Ce qu'il faut retenir : plus l'indemnité supra-légale est élevée, plus l'attente est longue. Beaucoup de salariés négocient un gros montant sans anticiper cette période de carence : et se retrouvent sans revenu plusieurs semaines après la rupture.

Bonne nouvelle : la rupture conventionnelle ouvre bien droit à l'ARE (contrairement à la démission). Notre fiche rupture conventionnelle chômage : vos droits en 2026 détaille tout.

Sources

Fiche pratique

Articles de loiArticles L. 1237-11 à L. 1237-16 et R. 1234-2 à R. 1234-4 du Code du travail
Barème légal1/4 de mois par année (10 premières années) puis 1/3 de mois par année au-delà
Plafond d'exonération fiscaleMontant le plus élevé entre l'indemnité légale, 50 % de l'indemnité perçue ou 2x le salaire annuel brut, dans la limite de 6 x PASS
Différé chômage max150 jours
Délai de rétractation15 jours calendaires
Délai d'homologation15 jours ouvrés (homologation tacite passé ce délai)
Juridiction compétenteConseil de prud'hommes (contestation dans les 12 mois suivant l'homologation)

Cet article est fourni à titre informatif et ne constitue pas un conseil juridique personnalisé. Consultez un avocat ou un professionnel du droit pour toute situation concrète.

Questions fréquentes

Quel est le montant minimum de l'indemnité de rupture conventionnelle en 2026 ?

Le montant minimum de l'indemnité de rupture conventionnelle, c'est l'indemnité légale de licenciement (article R. 1234-2 du Code du travail). Barème 2026 : 1/4 de mois de salaire brut par année pour les 10 premières années, 1/3 de mois par année au-delà. En dessous, la convention est nulle.

L'indemnité de rupture conventionnelle est-elle imposable ?

La fraction correspondant au minimum légal est exonérée d'impôt. La part supra-légale peut l'être aussi, dans la limite de 50 % du total perçu ou de 2 fois la rémunération annuelle brute de l'année précédente : plafonnée à 6 fois le PASS (environ 280 000 € en 2026). Au-delà, c'est imposable.

Quand l'indemnité de rupture conventionnelle est-elle versée ?

L'indemnité est versée à la date de rupture du contrat, soit le lendemain de l'homologation par la Dreets (ou de l'homologation tacite après 15 jours ouvrés d'instruction). L'employeur verse tout en une fois. La Cour de cassation (février 2025) a précisé que la créance naît à cette date, pas à la signature.

L'indemnité de rupture conventionnelle réduit-elle les droits au chômage ?

Elle ne supprime pas le droit à l'ARE, mais la part qui dépasse le minimum légal déclenche un différé d'indemnisation. Calcul : montant supra-légal divisé par le salaire journalier de référence, dans la limite de 150 jours. Plus l'indemnité négociée est élevée, plus l'attente est longue.

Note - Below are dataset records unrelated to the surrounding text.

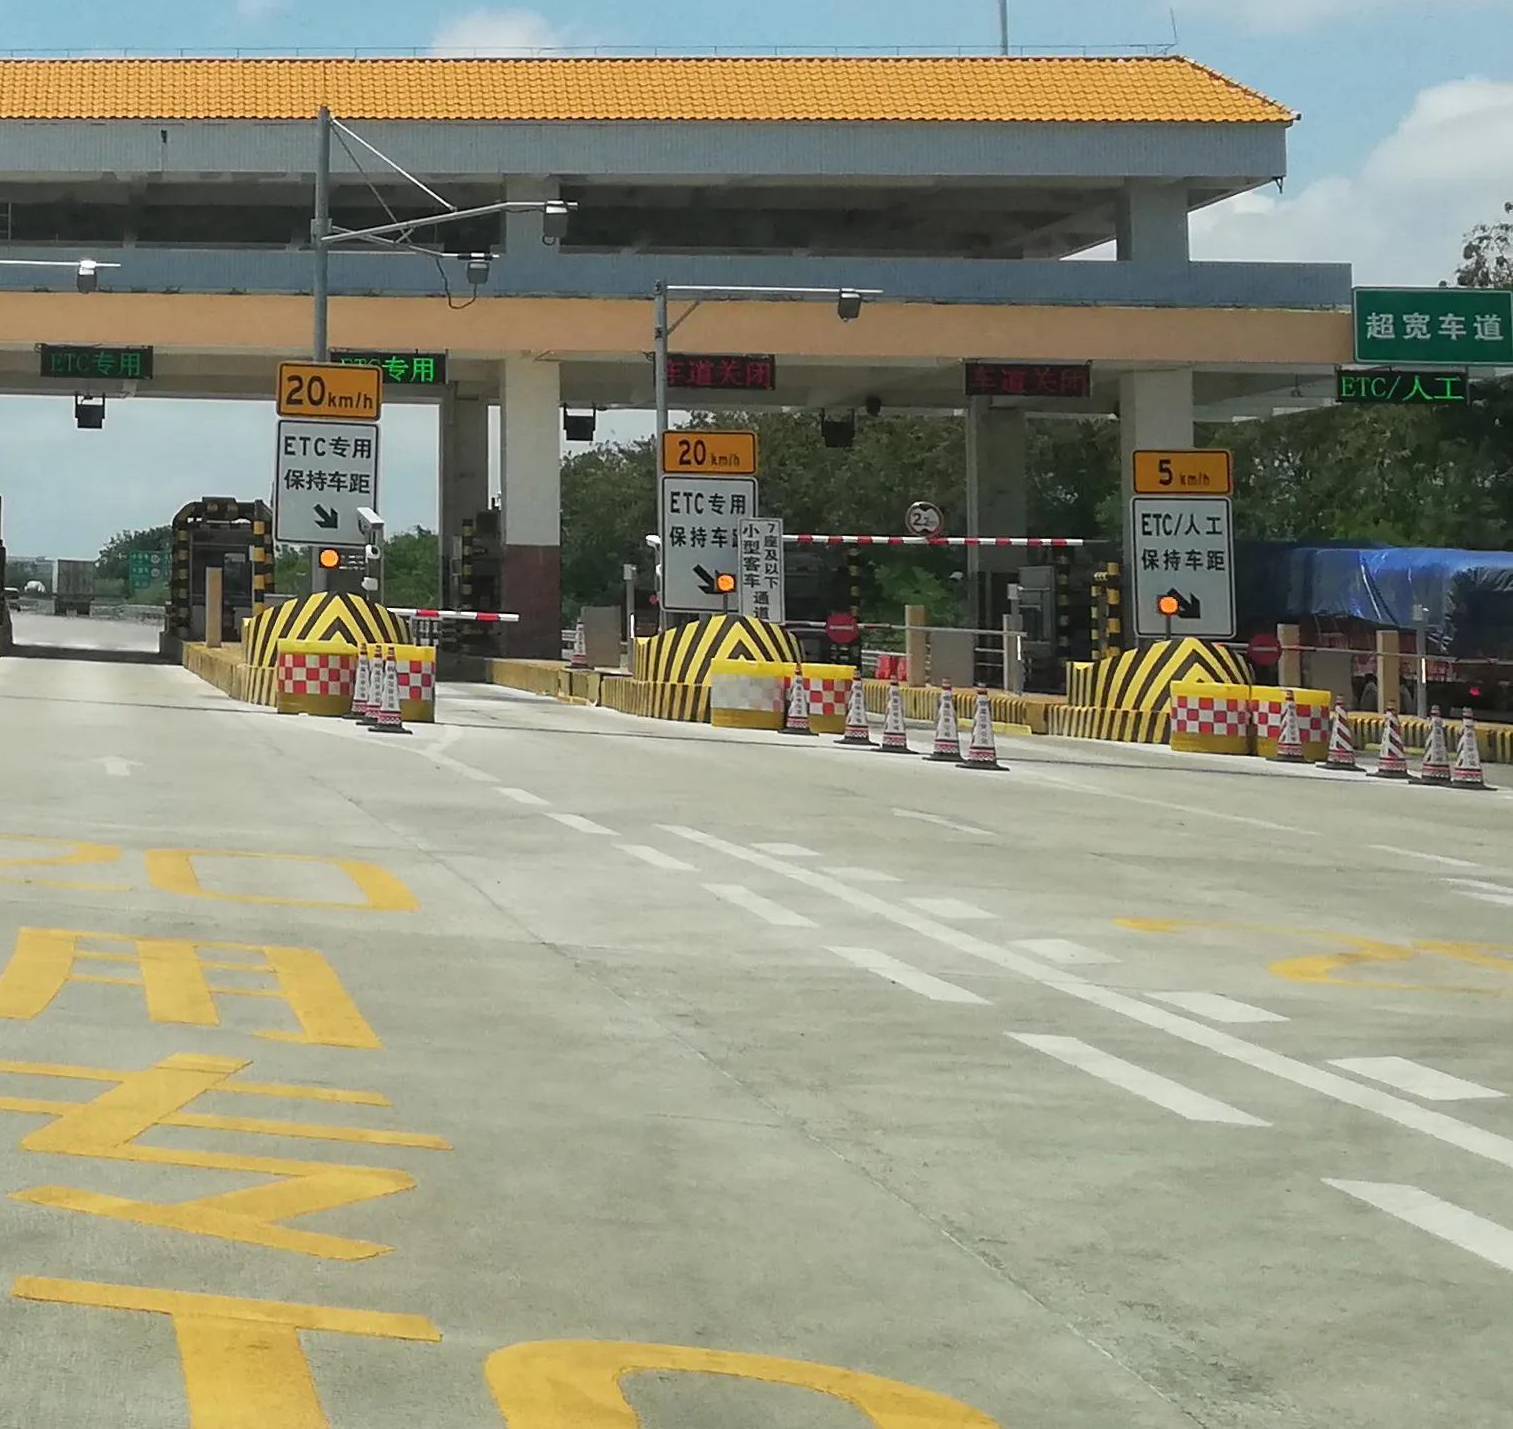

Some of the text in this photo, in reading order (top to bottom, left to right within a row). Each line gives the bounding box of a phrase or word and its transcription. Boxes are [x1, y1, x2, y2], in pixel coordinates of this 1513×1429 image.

[1366, 312, 1504, 341] 超宽车道
[1341, 375, 1464, 401] ETC/人工
[284, 469, 370, 494] 保持车距
[1141, 513, 1223, 536] ETC/人工
[743, 523, 761, 588] 小型客车
[1141, 549, 1225, 571] 保持车距
[753, 591, 769, 620] 通道

Peut-on négocier une indemnité supérieure au minimum légal ?

Oui, on peut négocier une indemnité supra-légale. Aucun plafond légal au-delà du minimum obligatoire. En pratique, les cadres obtiennent en moyenne 2 à 4 mois de salaire brut supplémentaires. Petit bémol : la part supra-légale est soumise à cotisations sociales et CSG/CRDS.